Dataset entries
.....
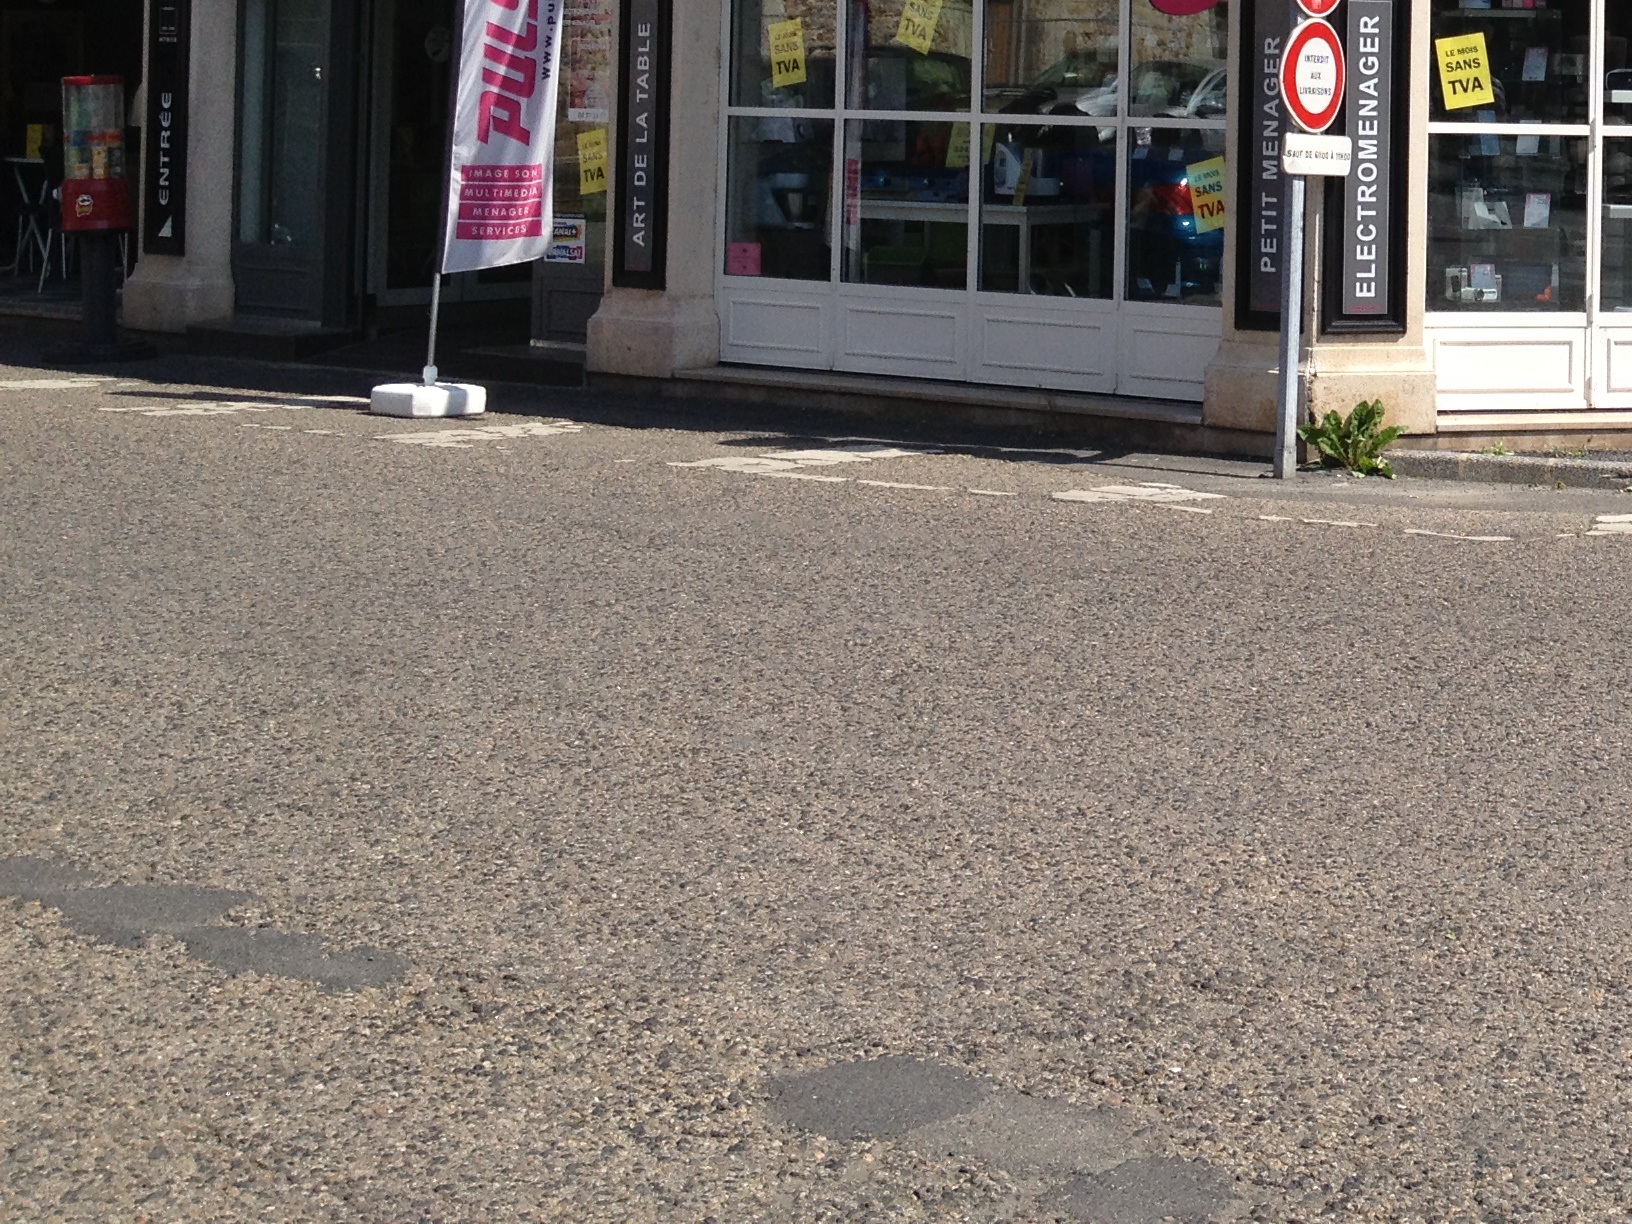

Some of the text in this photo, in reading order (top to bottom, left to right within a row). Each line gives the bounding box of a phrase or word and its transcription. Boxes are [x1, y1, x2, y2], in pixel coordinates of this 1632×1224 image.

[904, 18, 928, 41] TVA
[1445, 45, 1479, 57] LE MOIS
[776, 57, 800, 75] TVA
[1304, 55, 1330, 65] INTERDIT
[1445, 57, 1482, 73] SANS
[1310, 72, 1321, 81] AUX
[1299, 87, 1332, 97] LIVRAISONS
[1448, 76, 1485, 95] TVA
[632, 23, 651, 247] ART DE LA TABLE
[158, 92, 172, 206] ENTRÉE
[1260, 35, 1281, 273] PETIT MENAGER
[1305, 150, 1313, 159] DE
[1355, 15, 1380, 298] ELECTROMENAGER
[468, 168, 538, 179] IMAGE SON
[583, 166, 605, 183] TVA
[464, 186, 538, 197] MULTIMEDIA
[1195, 180, 1223, 197] SANS
[473, 207, 530, 216] MENAGER
[1197, 199, 1225, 219] TVA
[472, 224, 527, 236] SERVICES
.....
**Task to carry out:**
Every record above must be printed exactly, except for its images.

**Solved exercise:**
Some of the text in this photo, in reading order (top to bottom, left to right within a row). Each line gives the bounding box of a phrase or word and its transcription. Boxes are [x1, y1, x2, y2], in pixel coordinates of this 1632×1224 image.

[904, 18, 928, 41] TVA
[1445, 45, 1479, 57] LE MOIS
[776, 57, 800, 75] TVA
[1304, 55, 1330, 65] INTERDIT
[1445, 57, 1482, 73] SANS
[1310, 72, 1321, 81] AUX
[1299, 87, 1332, 97] LIVRAISONS
[1448, 76, 1485, 95] TVA
[632, 23, 651, 247] ART DE LA TABLE
[158, 92, 172, 206] ENTRÉE
[1260, 35, 1281, 273] PETIT MENAGER
[1305, 150, 1313, 159] DE
[1355, 15, 1380, 298] ELECTROMENAGER
[468, 168, 538, 179] IMAGE SON
[583, 166, 605, 183] TVA
[464, 186, 538, 197] MULTIMEDIA
[1195, 180, 1223, 197] SANS
[473, 207, 530, 216] MENAGER
[1197, 199, 1225, 219] TVA
[472, 224, 527, 236] SERVICES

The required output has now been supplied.